According to the Nov. 20 audit, the Commerce Department established the vulnerability disclosure program to meet a directive from the Cybersecurity and Infrastructure Security Agency (CISA).
That directive called on every federal agency to set up a vulnerability disclosure policy (VDP) that allows members of the public to identify and report vulnerabilities on internet-accessible government systems.
“The Department established a vulnerability disclosure program; however, it was not fully effective,” the report says. “Specifically, the Department’s VDP did not include all internet-accessible systems, the VDP’s testing guidelines restricted the tools public security researchers could use to identify system vulnerabilities, the Department did not always fully remediate reported vulnerabilities, and the Department did not always remediate vulnerabilities within established deadlines.”
“Without an effective vulnerability disclosure program, the Department cannot safeguard its internet-accessible systems, leaving them susceptible to potential compromise and exploitation,” it adds.
The OIG explained that the department limited its VDP scope to a list of 64 internet-accessible websites, leaving out 22 department-owned or -operated websites.
Additionally, the OIG found that the VDP contractor’s reporting portal banned the use of automated scanners, which it said are “commonly used by public security researchers to identify vulnerabilities.”
The OIG also discovered that the department did not always fully remediate vulnerabilities in its assessment of 71 “resolved vulnerability disclosures.” The watchdog reproduced the vulnerabilities and found that 57 reported vulnerabilities (80%) were fully remediated, but 14 (20%) were not.
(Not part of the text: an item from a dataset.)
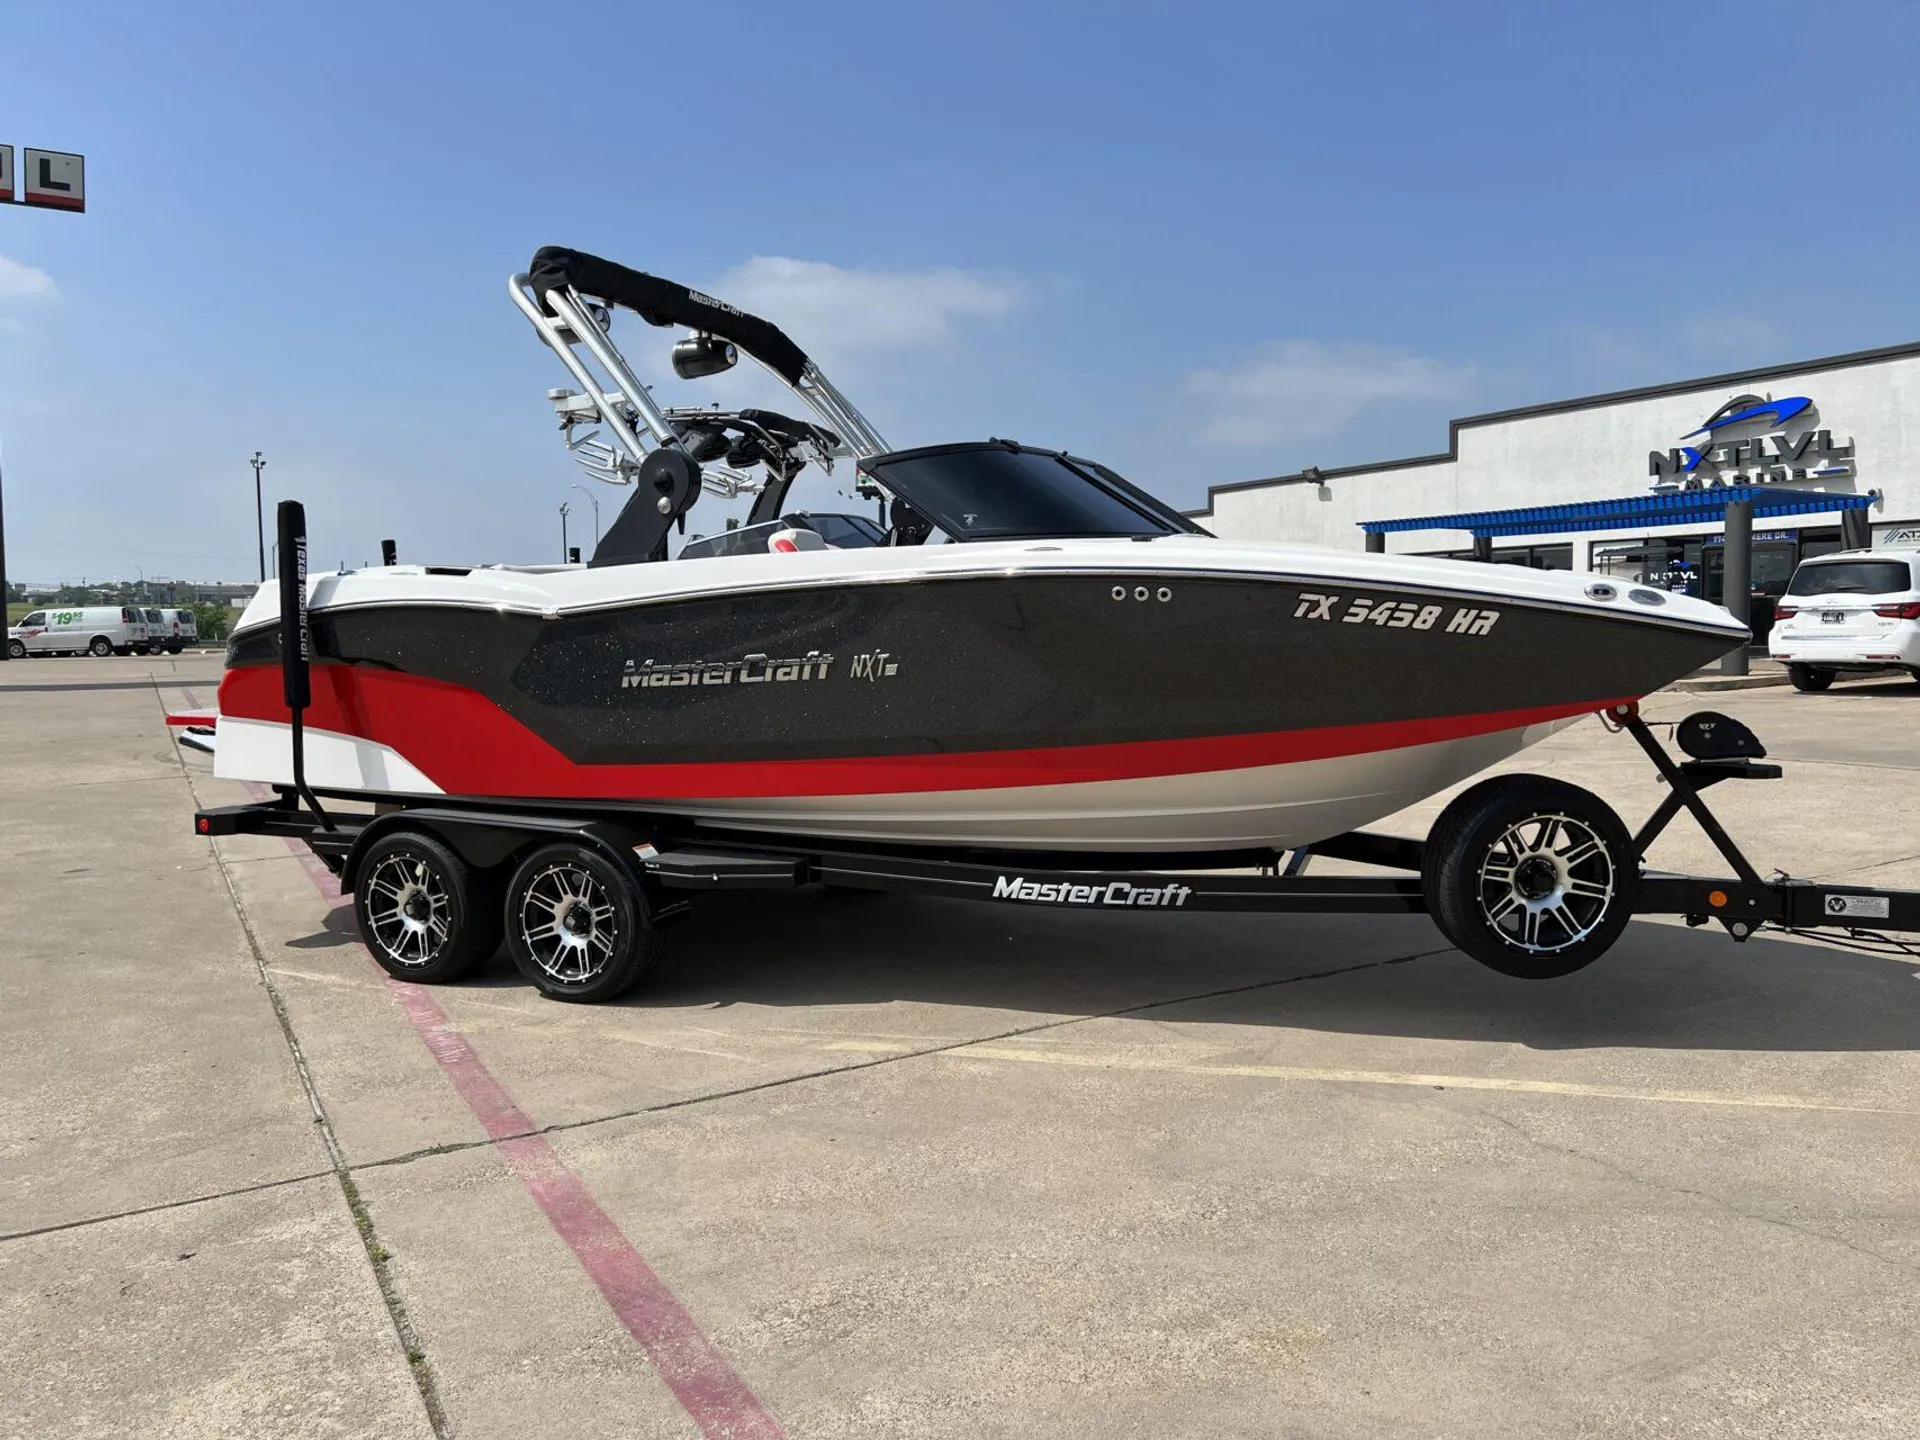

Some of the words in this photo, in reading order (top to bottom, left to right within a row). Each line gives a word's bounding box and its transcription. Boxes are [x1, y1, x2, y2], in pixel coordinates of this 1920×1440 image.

Notably, the OIG said that since 2023, the Commerce Department did not remediate vulnerabilities within established deadlines about 35% of the time.
The OIG made three recommendations to the Commerce Department. Those include revising the testing scope to align with CISA’s VDP policy, updating and implementing VDP procedures, and working with bureaus to implement an automated solution to prompt action on delayed vulnerability remediation. The Commerce Department concurred with the recommendations.